It was a pleasure to do this cover for Faber. Sheku was only coming into the limelight in early 2021 when I was was commissioned and it was delightful to have it published in time to watch him (and his amazingly talented siblings) play in the summer BBC Proms. I was fortunate to be able to use such a fine image of him for the front and, with it being quite muted in palette, I took great pleasure in sampling the bright mustard yellow of his sock for the title type!
Client: Faber Music 2021
This was my first major freelance commission in 1997 by the National Gallery Publications officer, Suzie Burt. I took it on eagerly while I was still working my notice at Dorling Kindersley and the privilege and pleasure of working so closely with Sir Jonathan Miller was an absolute delight from start to finish. Together with a fabulous team at NGP we created a beautiful book.
He was a consummate human being, so wonderful to work with.
Client: National Gallery Publications
The second of the book projects I worked on with the wonderful Dr Jonathan Miller. He had long harboured an ambition to publish his own remarkable photographs, which were essentially snapshots he'd taken of "ordinary things". Over many years he had gathered his modest snaps into some five or six enormous scrapbooks with these photos lightly pasted in. Once I had persuaded him that it would be possible to do, these huge books were sent off to the Far East to have the images diligently scanned and a 'proper' book was the result.

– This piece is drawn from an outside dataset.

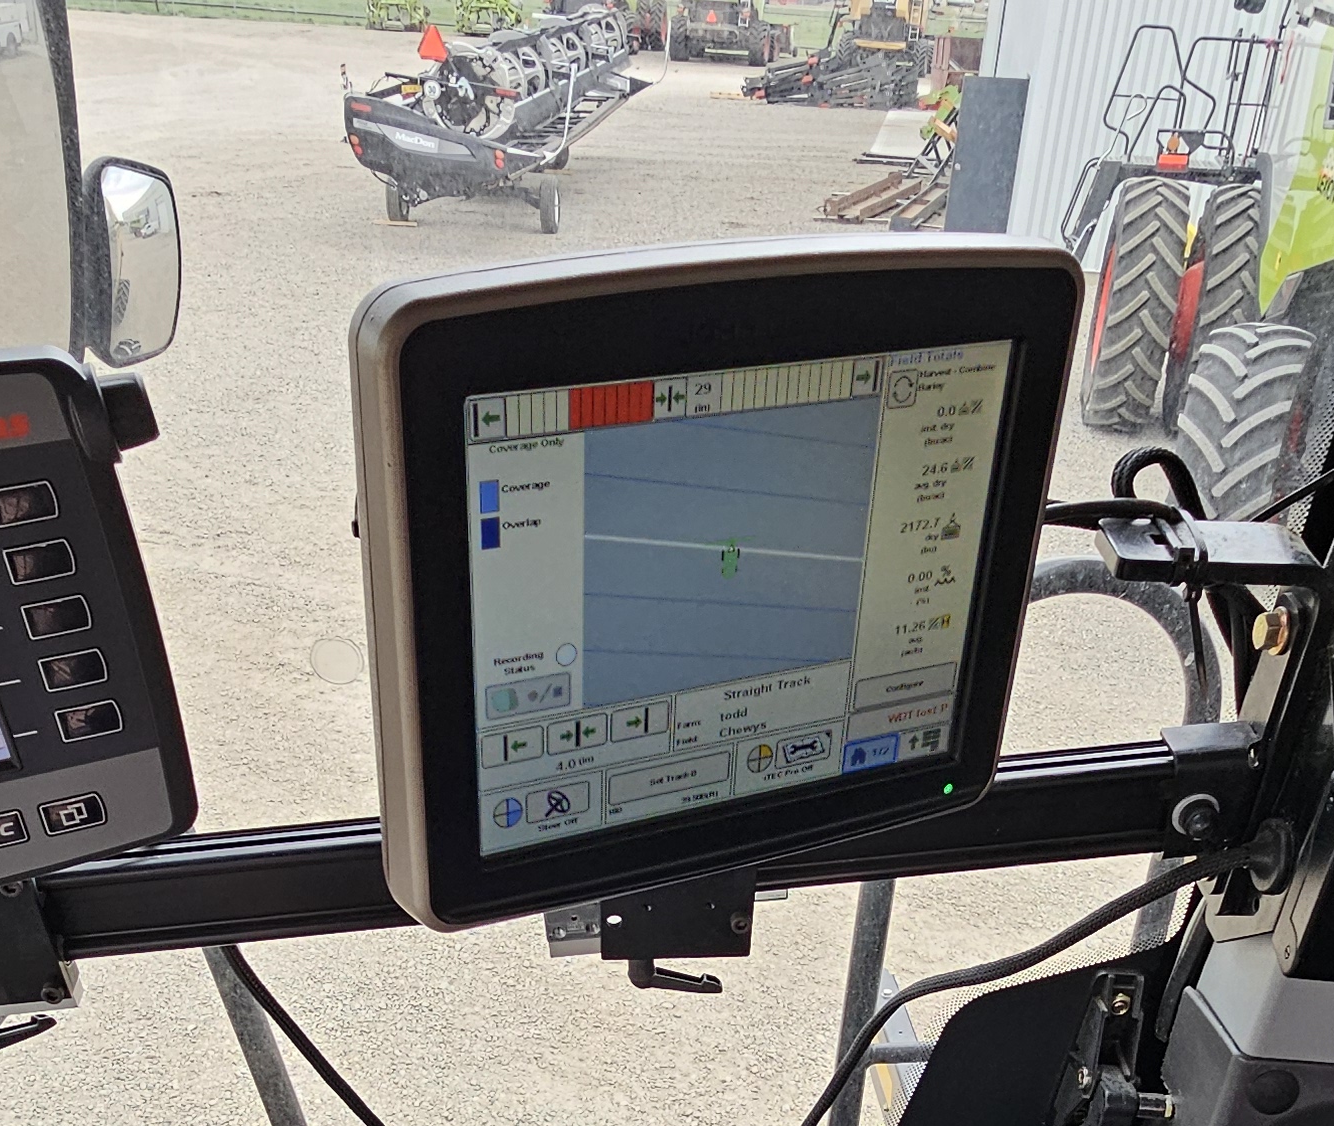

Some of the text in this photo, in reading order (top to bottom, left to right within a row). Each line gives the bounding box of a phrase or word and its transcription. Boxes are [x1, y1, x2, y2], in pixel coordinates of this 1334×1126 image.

For myself I was determined that his carefully constructed images should not be cropped in any way, as I deemed it crucial to the image that it was Jonathan's eye that had created the crop and no one else's. He was also determined to keep the look as plain and simple as possible so it was a delight to use the beautiful Monotype Grotesque.
It was a wonderful project to do but sadly the marketing department of Mitchell Beazley had no idea what the book was about so it died a slow death in the bookshops.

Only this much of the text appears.